Do 26. Jun 2025, 10:24

Forbitten hat geschrieben :
Do 26. Jun 2025, 10:13
Und mit der Evolutionstheorie lässt sich ein solches Phänomen, warum wir Menschen in der Lage sind, Begriffe zu verbessern', nicht erklären.
Ja, natürlich nicht.
Forbitten hat geschrieben :
Do 26. Jun 2025, 10:13
Auch stellt sich die Frage, inwiefern die Evolutionstheorie unsere Kunst und unsere Art, Kunst zu begreifen, erklären könnte.

Da sind wir dann am Ende 'nur' bei Freud's Kulturbegriff, also "Sublimierung", etc.
Und da müsste man Dich mal fragen, inwiefern das ausreicht, als Erklärung.
Es gibt – soweit ich weiß – tatsächlich Versuche, Ästhetik und Kunst auch evolutionär zu deuten. Ich bezweifle allerdings, dass sich damit Duchamps Pissoir, Magritts Pfeife oder aktuelle „artivistische“ Strömungen angemessen erfassen lassen.
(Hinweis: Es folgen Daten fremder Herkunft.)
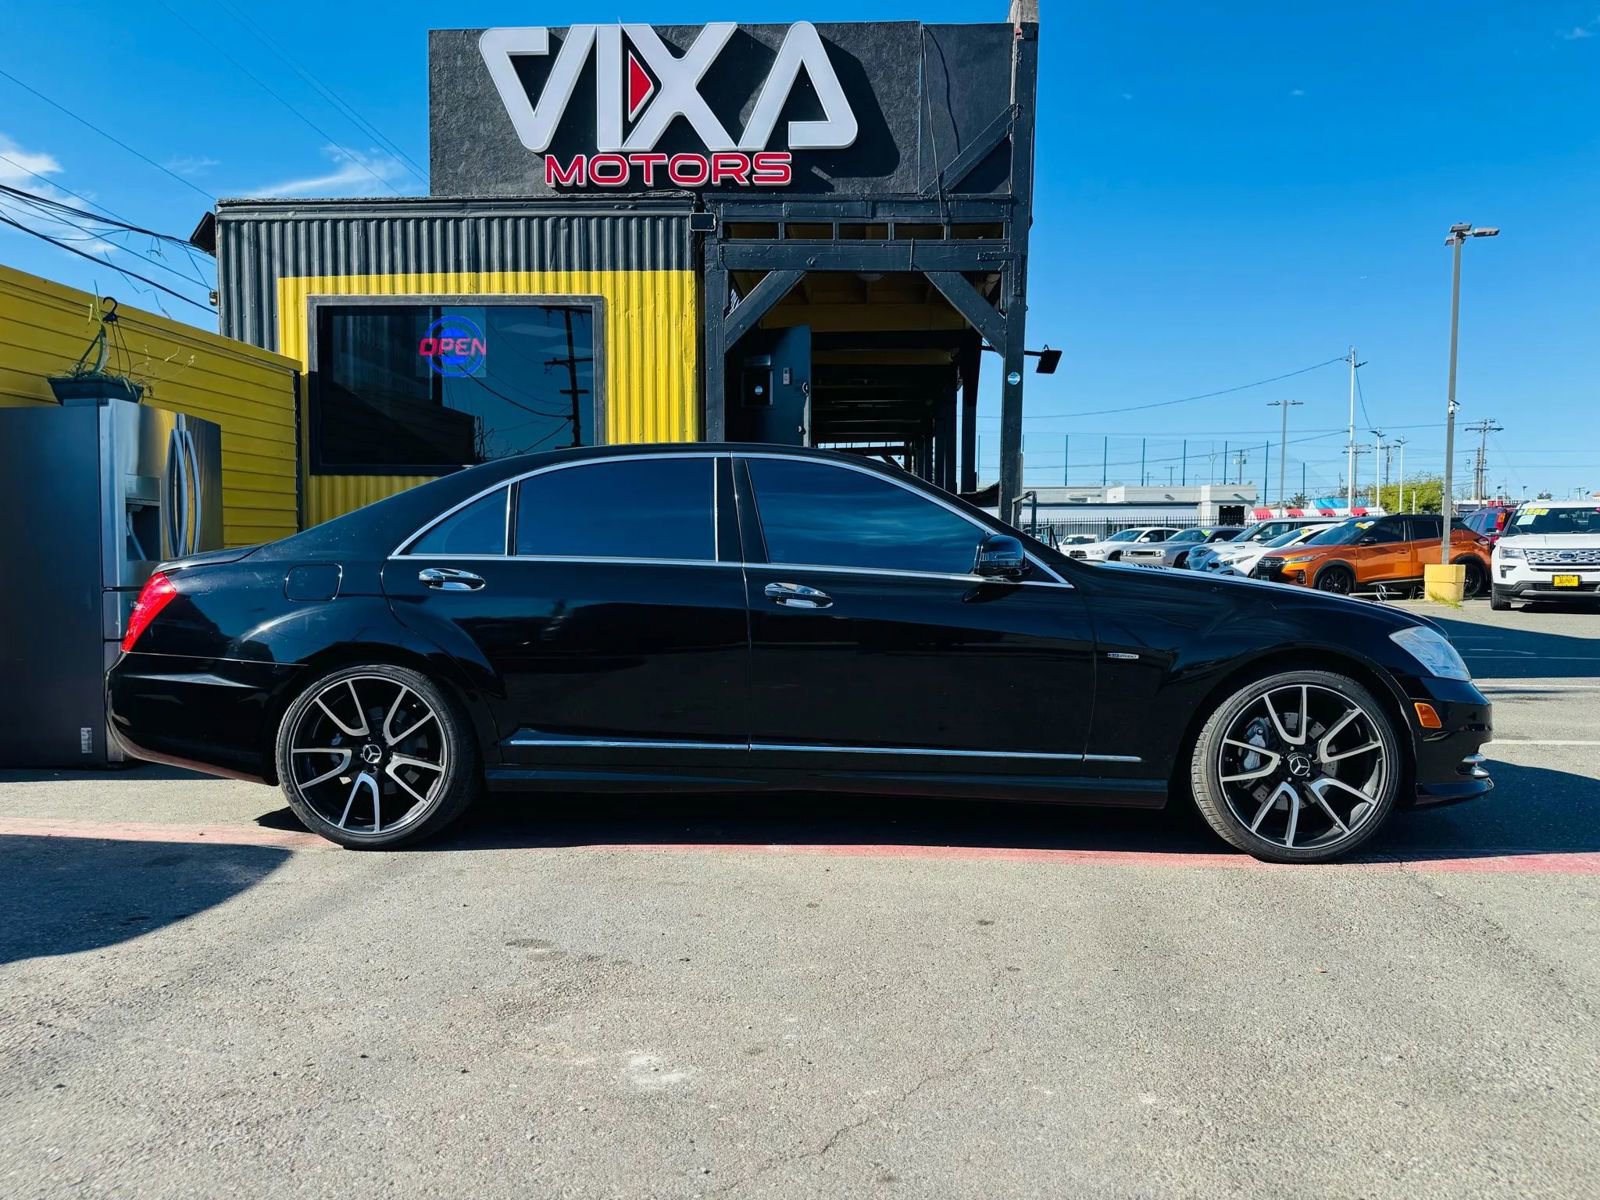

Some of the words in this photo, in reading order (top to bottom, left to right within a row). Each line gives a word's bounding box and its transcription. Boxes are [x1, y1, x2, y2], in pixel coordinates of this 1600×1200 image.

[478, 21, 858, 152] VIXA
[544, 152, 792, 188] MOTORS
[419, 337, 487, 356] OPEN
Ich glaube vielmehr, dass es umgekehrt ist: Solche Kunst lässt sich nicht sinnvoll allein aus der Biologie des Menschen heraus erklären – vielmehr versteht man den Menschen nur, wenn man solche Kunst als anthropologische Konstante betrachtet. Hier fragt der Mensch nach sich selbst bzw. macht sich Bilder von sich selbst – und er hört nicht auf, sich selbst die verschiedensten Antworten zu geben, bzw. Bilder auszumalen. Weil er eben jenes Tier ist, das nach sich selbst und seinem Platz in der Wirklichkeit fragt. Mit anderen Worten: Wer die Geistigkeit des Menschen nicht in den Blick nimmt – die natürlich eng mit seiner biologischen Realität verwoben ist –, bekommt den Untersuchungsgegenstand gar nicht erst in den Blick.




Quk

Do 26. Jun 2025, 13:33

Moralische Macht ist auch eine Macht.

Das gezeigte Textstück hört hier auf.